Leave the pictures out and repeat the rest of the data below exactly.

====== DATASET EXTRACT ======

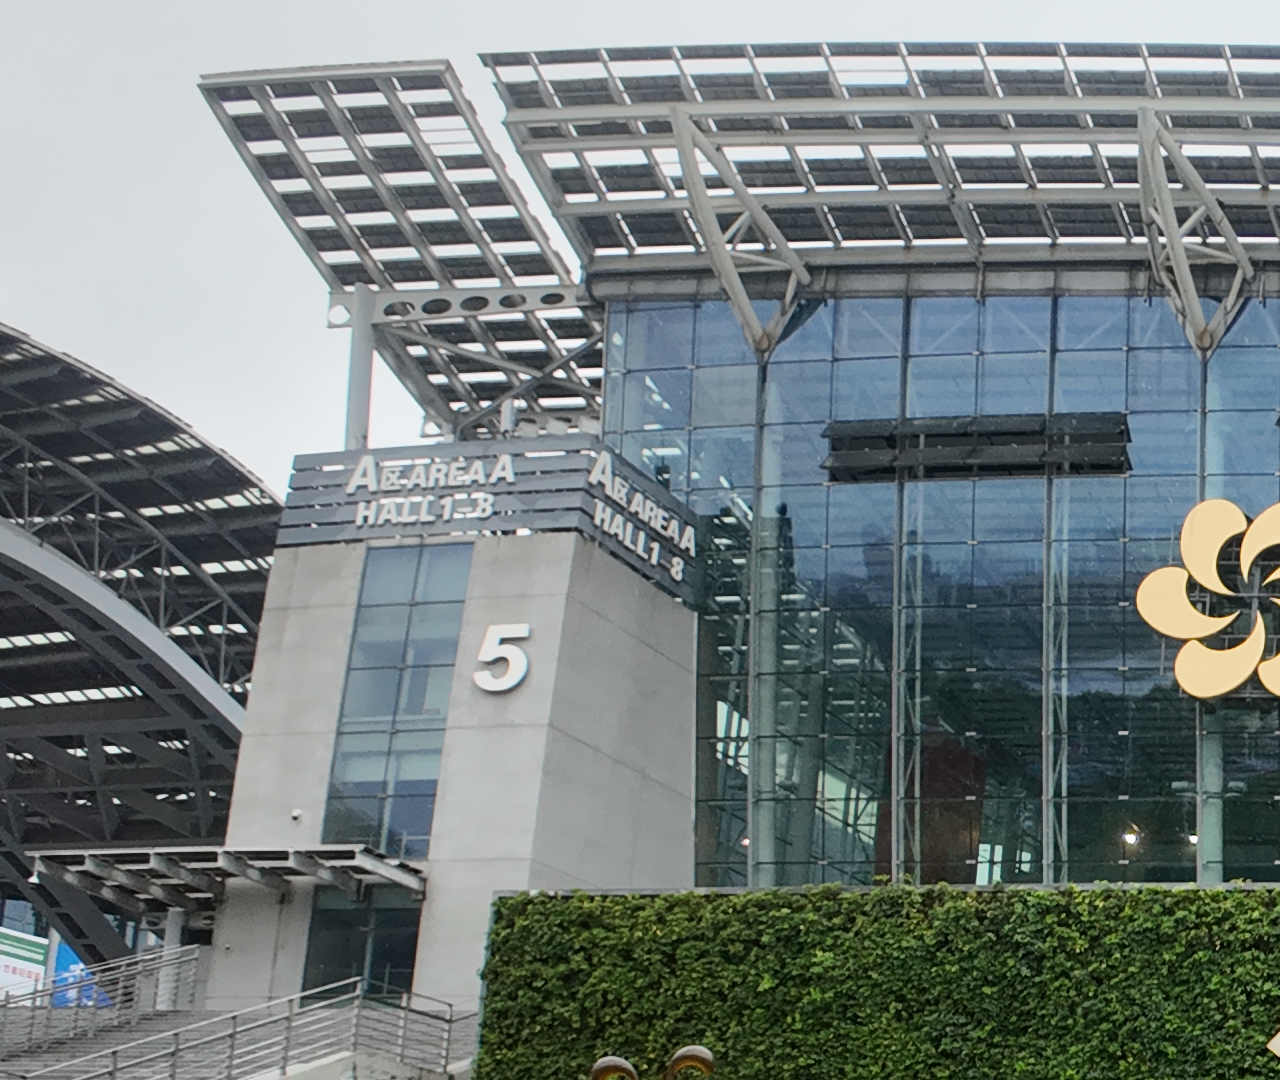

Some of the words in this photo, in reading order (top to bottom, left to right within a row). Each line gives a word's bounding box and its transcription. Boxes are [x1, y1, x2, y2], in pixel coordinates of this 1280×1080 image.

[406, 459, 488, 490] AREA
[354, 498, 437, 527] HALL
[594, 498, 649, 560] HALL
[629, 492, 681, 545] AREA
[472, 622, 531, 693] 5

======

▸ ANSWER TO THIS PROBLEM
Some of the words in this photo, in reading order (top to bottom, left to right within a row). Each line gives a word's bounding box and its transcription. Boxes are [x1, y1, x2, y2], in pixel coordinates of this 1280×1080 image.

[406, 459, 488, 490] AREA
[354, 498, 437, 527] HALL
[594, 498, 649, 560] HALL
[629, 492, 681, 545] AREA
[472, 622, 531, 693] 5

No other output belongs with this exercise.